<<<<

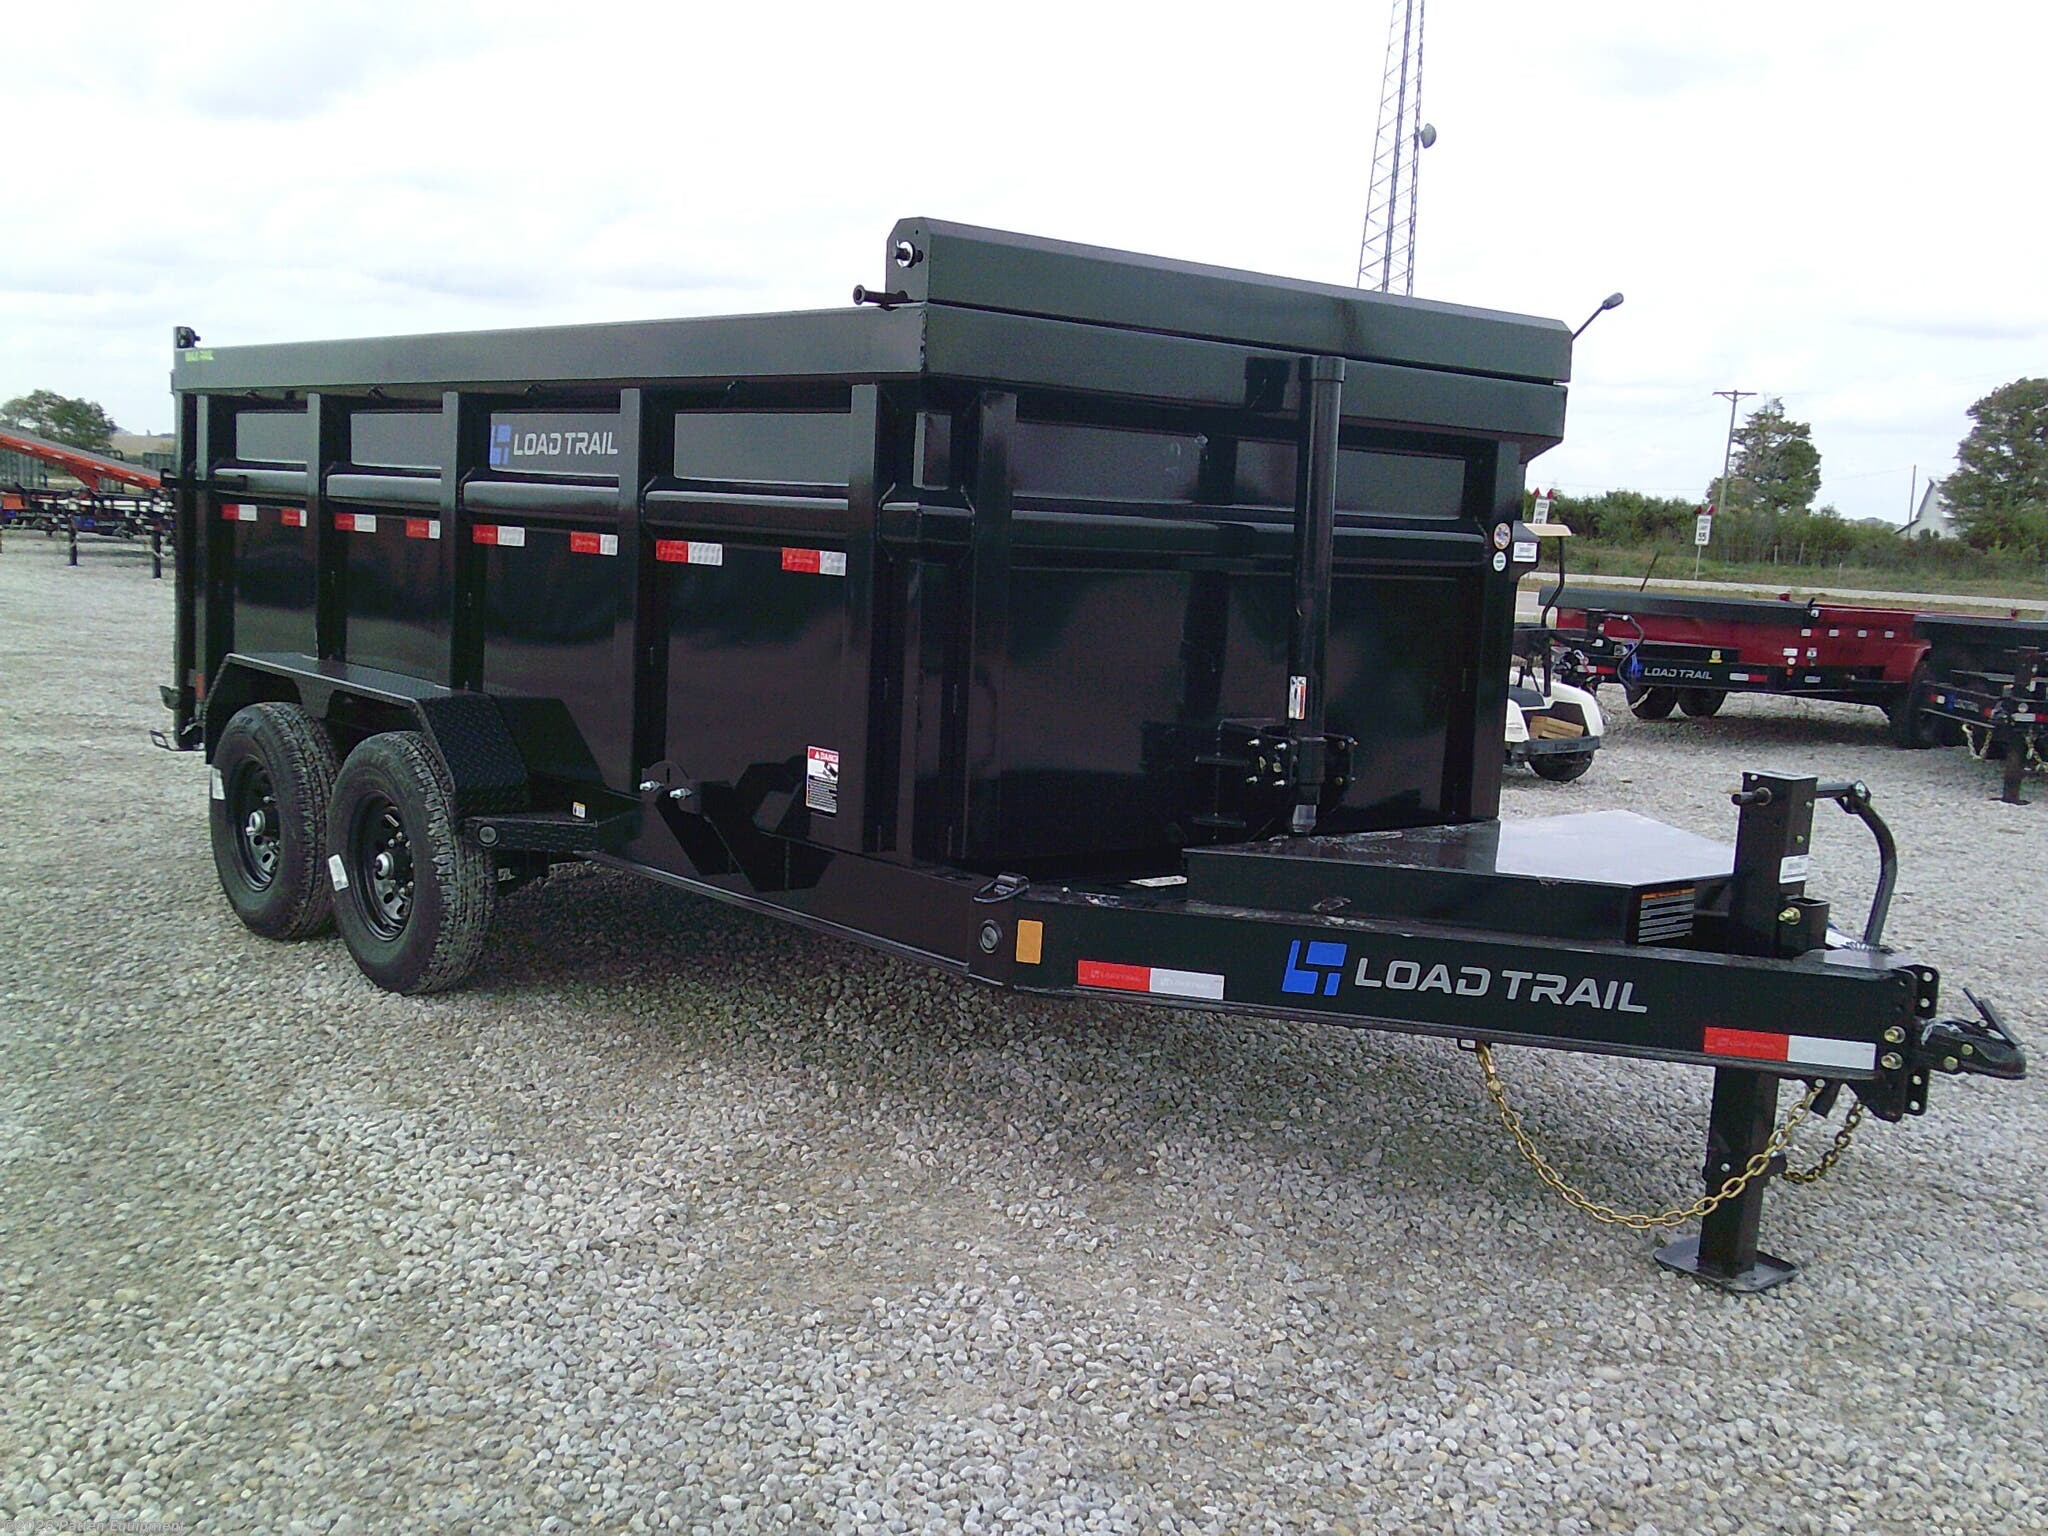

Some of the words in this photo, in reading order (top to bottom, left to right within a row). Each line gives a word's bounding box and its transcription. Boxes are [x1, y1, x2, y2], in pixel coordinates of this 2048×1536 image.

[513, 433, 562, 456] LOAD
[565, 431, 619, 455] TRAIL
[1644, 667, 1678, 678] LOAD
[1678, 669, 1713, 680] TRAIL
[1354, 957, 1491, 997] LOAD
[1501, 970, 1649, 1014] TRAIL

>>>>

* [YOUR GOAL]: The expected answer is the complete set of entries, copied verbatim, with no pictures.

* [SOLUTION]:
Some of the words in this photo, in reading order (top to bottom, left to right within a row). Each line gives a word's bounding box and its transcription. Boxes are [x1, y1, x2, y2], in pixel coordinates of this 2048×1536 image.

[513, 433, 562, 456] LOAD
[565, 431, 619, 455] TRAIL
[1644, 667, 1678, 678] LOAD
[1678, 669, 1713, 680] TRAIL
[1354, 957, 1491, 997] LOAD
[1501, 970, 1649, 1014] TRAIL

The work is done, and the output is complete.